James Purchase wrote:

.....I like Paul's suggestion of baking the material in order to sterilize it.
The highest temperature possible in a domestic oven (around 500F) is not
likely to damage the chemical or physical properties of the Flourite, but it
should be more than enough to kill anything living in the gravel.

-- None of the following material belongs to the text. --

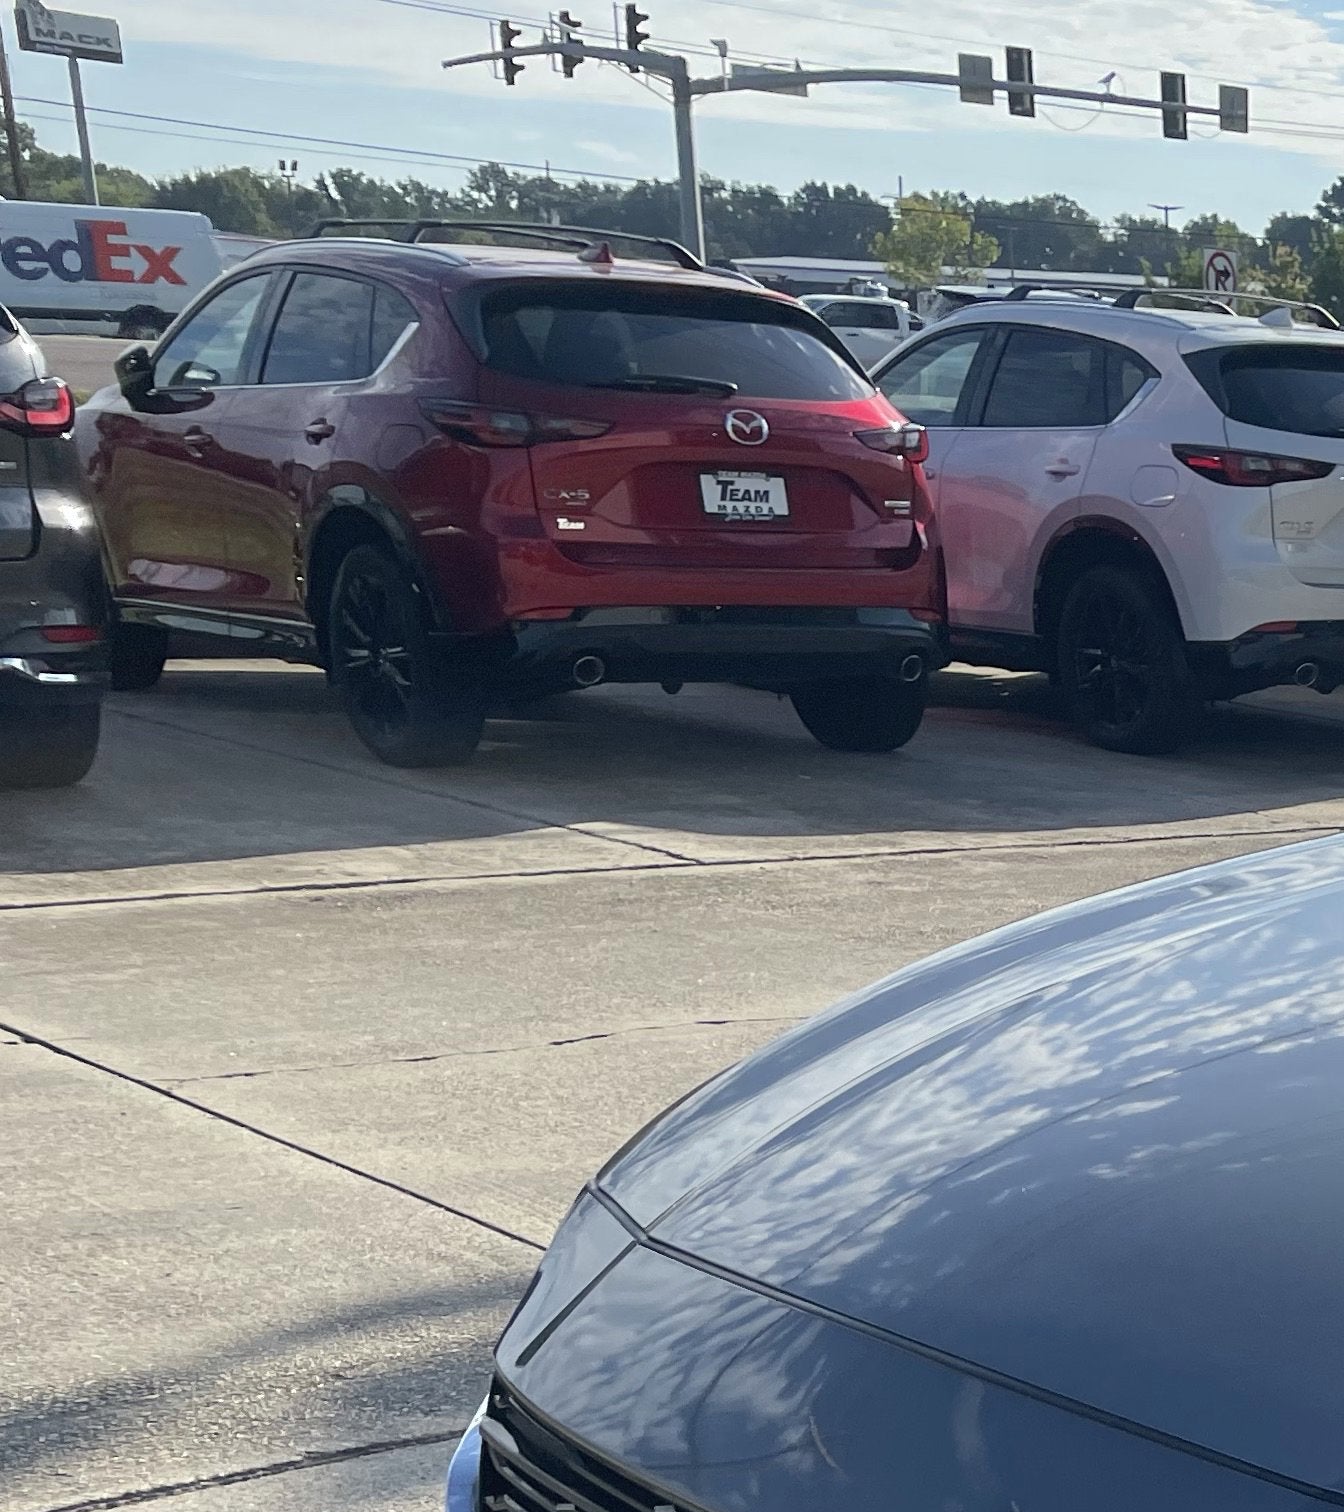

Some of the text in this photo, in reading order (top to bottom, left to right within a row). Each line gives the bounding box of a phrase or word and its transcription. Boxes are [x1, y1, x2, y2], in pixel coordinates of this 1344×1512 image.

Just make
sure that you choose a fine day to do it - you might want to keep the
windows open for ventilation.

But you can't bake any gravel which is coated with plastic...

My suggestion was to cook it in a crock pot for a day.  The long cooking
time is to insure that all of the gravel-fluorite mixture gets heated to
boiling.  I suppose that an oven at 350 degrees F would work, too.  It
might be a bit more smelly, as James suggested.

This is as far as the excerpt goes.